• _Exercise directions_
Please copy the data below exactly; none of the pictures in it belong in the copy.

(Phrase grounding data)
⟨
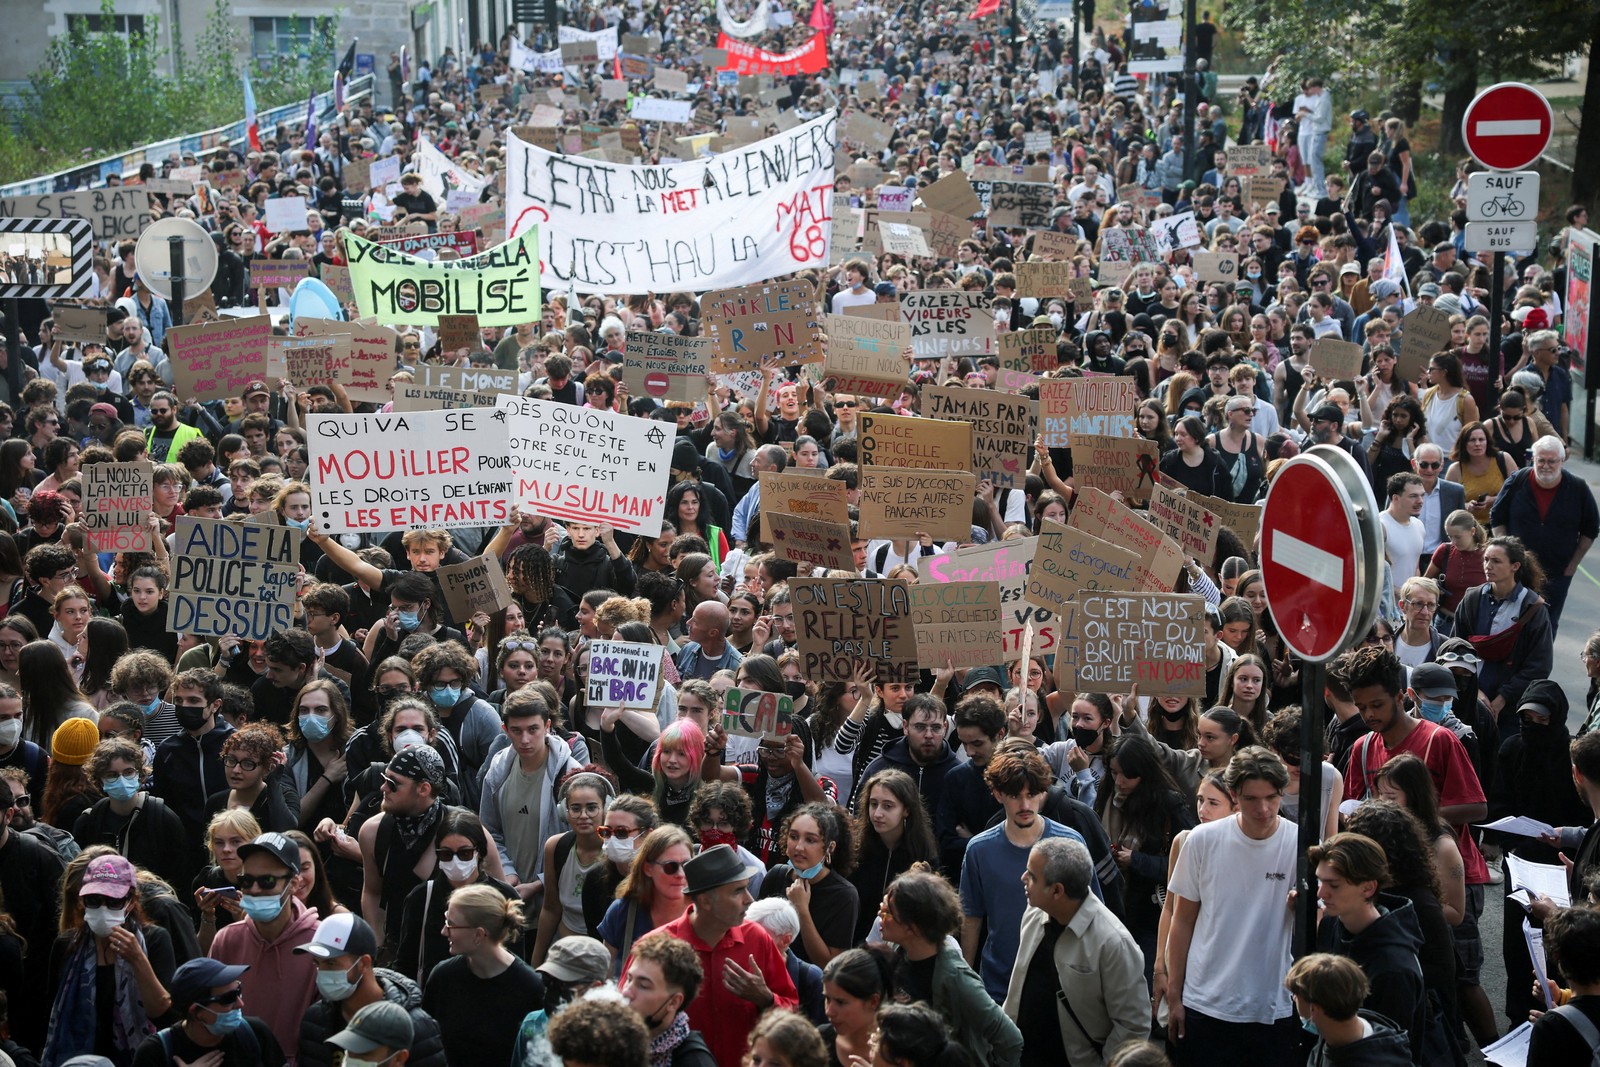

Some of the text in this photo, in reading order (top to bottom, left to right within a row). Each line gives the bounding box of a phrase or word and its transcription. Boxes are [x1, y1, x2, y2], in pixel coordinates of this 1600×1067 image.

[631, 168, 678, 192] NOUS
[1486, 177, 1524, 189] SAUF
[35, 189, 142, 218] SE BAT
[637, 194, 658, 214] LA
[660, 188, 701, 214] MET
[732, 235, 760, 262] LA
[776, 184, 833, 232] MAI
[1487, 227, 1516, 236] SAUF
[789, 225, 826, 263] 68
[1490, 238, 1511, 246] BUS
[1220, 259, 1235, 275] hp
[370, 268, 530, 315] MOBILISÉ
[907, 293, 992, 309] GAZEZ LES
[903, 307, 972, 321] VIOLEURS
[1416, 306, 1446, 327] RIP
[834, 319, 905, 340] PARCOURSUP
[937, 319, 967, 335] LES
[626, 332, 657, 346] METTEZ
[662, 336, 675, 347] LE
[731, 322, 795, 353] R N
[830, 335, 854, 350] NOUS
[626, 345, 644, 355] POUR
[683, 351, 697, 360] PAS
[325, 356, 350, 370] BAC
[626, 359, 667, 370] POUR NOUS
[877, 359, 903, 374] NOUS
[1004, 356, 1031, 372] PAS
[461, 372, 514, 391] MONDE
[405, 388, 421, 398] LES
[1039, 378, 1135, 413] GAZEZ VIOLEURS
[442, 400, 454, 410] LE
[997, 402, 1027, 422] PAR
[1046, 399, 1069, 415] LES
[445, 413, 477, 431] SE
[552, 407, 615, 432] QU'ON
[862, 416, 914, 439] POLICE
[1045, 416, 1070, 433] PAS
[539, 422, 627, 452] PROTESTE
[976, 436, 1027, 456] N'AUREZ
[1045, 432, 1069, 447] LES
[1074, 435, 1119, 449] ILS SONT
[862, 436, 941, 459] OFFICIELLE
[478, 455, 512, 471] POUR
[554, 443, 657, 473] SEUL MOT EN
[1092, 449, 1131, 468] GRANDS
[90, 465, 142, 484] IL NOUS
[575, 464, 618, 482] C'EST
[1074, 463, 1126, 477] CAR SOMMES
[87, 483, 139, 498] LA MET
[769, 481, 787, 494] PAS
[863, 475, 963, 491] JE SUIS D'ACCORD
[1095, 475, 1136, 493] GENOUX
[319, 489, 354, 506] LES
[443, 484, 466, 499] DE
[468, 481, 513, 496] L'ENFANT
[863, 491, 965, 505] AVEC LES AUTRES
[1159, 490, 1177, 510] DANS
[1177, 501, 1186, 515] LA
[85, 495, 151, 513] L'ENVERS
[884, 505, 947, 519] PANCARTES
[86, 510, 140, 529] ON LUI
[344, 500, 507, 528] LES ENFANTS
[86, 524, 147, 551] MAI 68
[185, 523, 293, 563] AIDE LA
[1041, 532, 1063, 554] Ils
[174, 556, 297, 598] POLICE tape
[446, 564, 489, 586] FASHION
[257, 584, 279, 603] toi
[463, 579, 487, 595] PAS
[794, 580, 910, 617] ON EST LA
[173, 595, 291, 641] DESSUS
[941, 608, 998, 624] DÉCHETS
[1083, 597, 1194, 620] C'EST NOUS
[940, 629, 977, 644] FAITES
[980, 630, 1001, 644] PAS
[1084, 619, 1196, 643] ON FAIT DU
[832, 640, 893, 660] PAS LE
[937, 647, 998, 665] MINISTRES
[1085, 639, 1206, 664] BRUIT PENDANT
[622, 657, 639, 679] ON
[1080, 661, 1205, 684] QUE LE FN DORT
[588, 678, 649, 702] LA BAC
[723, 688, 794, 737] ACAB
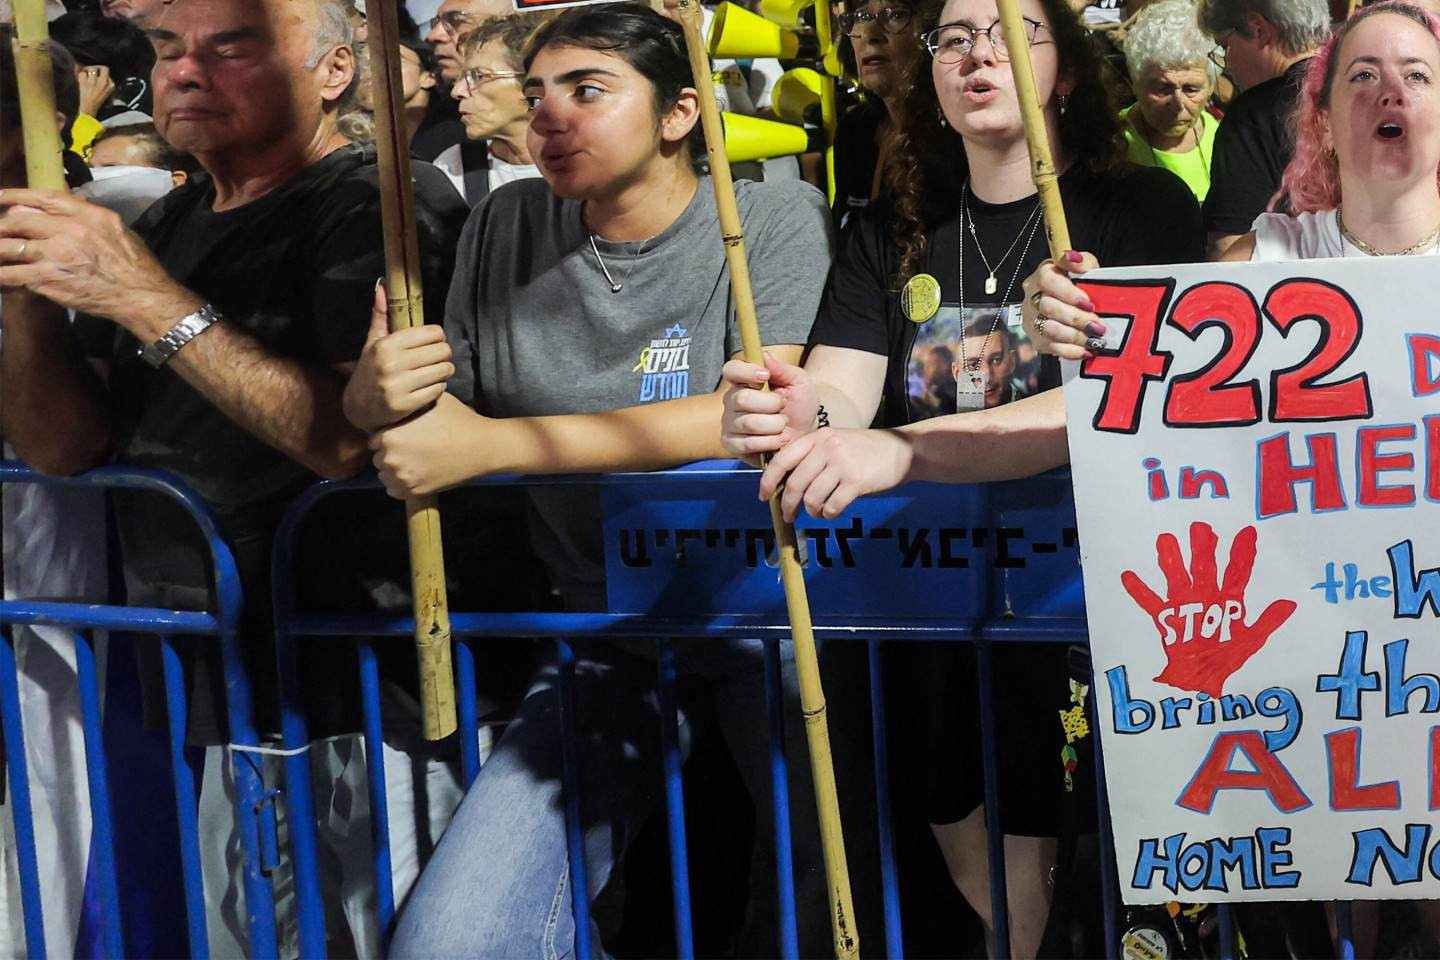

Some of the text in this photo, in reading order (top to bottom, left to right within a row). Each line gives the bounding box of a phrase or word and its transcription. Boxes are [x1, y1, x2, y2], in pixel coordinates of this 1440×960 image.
⟩
• _Solution to this problem_
Some of the text in this photo, in reading order (top to bottom, left to right within a row). Each line gives the bounding box of a phrase or word and its transcription. Boxes are [x1, y1, x2, y2], in pixel coordinates of this 1600×1067 image.

[631, 168, 678, 192] NOUS
[1486, 177, 1524, 189] SAUF
[35, 189, 142, 218] SE BAT
[637, 194, 658, 214] LA
[660, 188, 701, 214] MET
[732, 235, 760, 262] LA
[776, 184, 833, 232] MAI
[1487, 227, 1516, 236] SAUF
[789, 225, 826, 263] 68
[1490, 238, 1511, 246] BUS
[1220, 259, 1235, 275] hp
[370, 268, 530, 315] MOBILISÉ
[907, 293, 992, 309] GAZEZ LES
[903, 307, 972, 321] VIOLEURS
[1416, 306, 1446, 327] RIP
[834, 319, 905, 340] PARCOURSUP
[937, 319, 967, 335] LES
[626, 332, 657, 346] METTEZ
[662, 336, 675, 347] LE
[731, 322, 795, 353] R N
[830, 335, 854, 350] NOUS
[626, 345, 644, 355] POUR
[683, 351, 697, 360] PAS
[325, 356, 350, 370] BAC
[626, 359, 667, 370] POUR NOUS
[877, 359, 903, 374] NOUS
[1004, 356, 1031, 372] PAS
[461, 372, 514, 391] MONDE
[405, 388, 421, 398] LES
[1039, 378, 1135, 413] GAZEZ VIOLEURS
[442, 400, 454, 410] LE
[997, 402, 1027, 422] PAR
[1046, 399, 1069, 415] LES
[445, 413, 477, 431] SE
[552, 407, 615, 432] QU'ON
[862, 416, 914, 439] POLICE
[1045, 416, 1070, 433] PAS
[539, 422, 627, 452] PROTESTE
[976, 436, 1027, 456] N'AUREZ
[1045, 432, 1069, 447] LES
[1074, 435, 1119, 449] ILS SONT
[862, 436, 941, 459] OFFICIELLE
[478, 455, 512, 471] POUR
[554, 443, 657, 473] SEUL MOT EN
[1092, 449, 1131, 468] GRANDS
[90, 465, 142, 484] IL NOUS
[575, 464, 618, 482] C'EST
[1074, 463, 1126, 477] CAR SOMMES
[87, 483, 139, 498] LA MET
[769, 481, 787, 494] PAS
[863, 475, 963, 491] JE SUIS D'ACCORD
[1095, 475, 1136, 493] GENOUX
[319, 489, 354, 506] LES
[443, 484, 466, 499] DE
[468, 481, 513, 496] L'ENFANT
[863, 491, 965, 505] AVEC LES AUTRES
[1159, 490, 1177, 510] DANS
[1177, 501, 1186, 515] LA
[85, 495, 151, 513] L'ENVERS
[884, 505, 947, 519] PANCARTES
[86, 510, 140, 529] ON LUI
[344, 500, 507, 528] LES ENFANTS
[86, 524, 147, 551] MAI 68
[185, 523, 293, 563] AIDE LA
[1041, 532, 1063, 554] Ils
[174, 556, 297, 598] POLICE tape
[446, 564, 489, 586] FASHION
[257, 584, 279, 603] toi
[463, 579, 487, 595] PAS
[794, 580, 910, 617] ON EST LA
[173, 595, 291, 641] DESSUS
[941, 608, 998, 624] DÉCHETS
[1083, 597, 1194, 620] C'EST NOUS
[940, 629, 977, 644] FAITES
[980, 630, 1001, 644] PAS
[1084, 619, 1196, 643] ON FAIT DU
[832, 640, 893, 660] PAS LE
[937, 647, 998, 665] MINISTRES
[1085, 639, 1206, 664] BRUIT PENDANT
[622, 657, 639, 679] ON
[1080, 661, 1205, 684] QUE LE FN DORT
[588, 678, 649, 702] LA BAC
[723, 688, 794, 737] ACAB

Some of the text in this photo, in reading order (top to bottom, left to right within a row). Each line gives the bounding box of a phrase or word and its transcription. Boxes are [x1, y1, x2, y2], in pixel coordinates of this 1440×960 image.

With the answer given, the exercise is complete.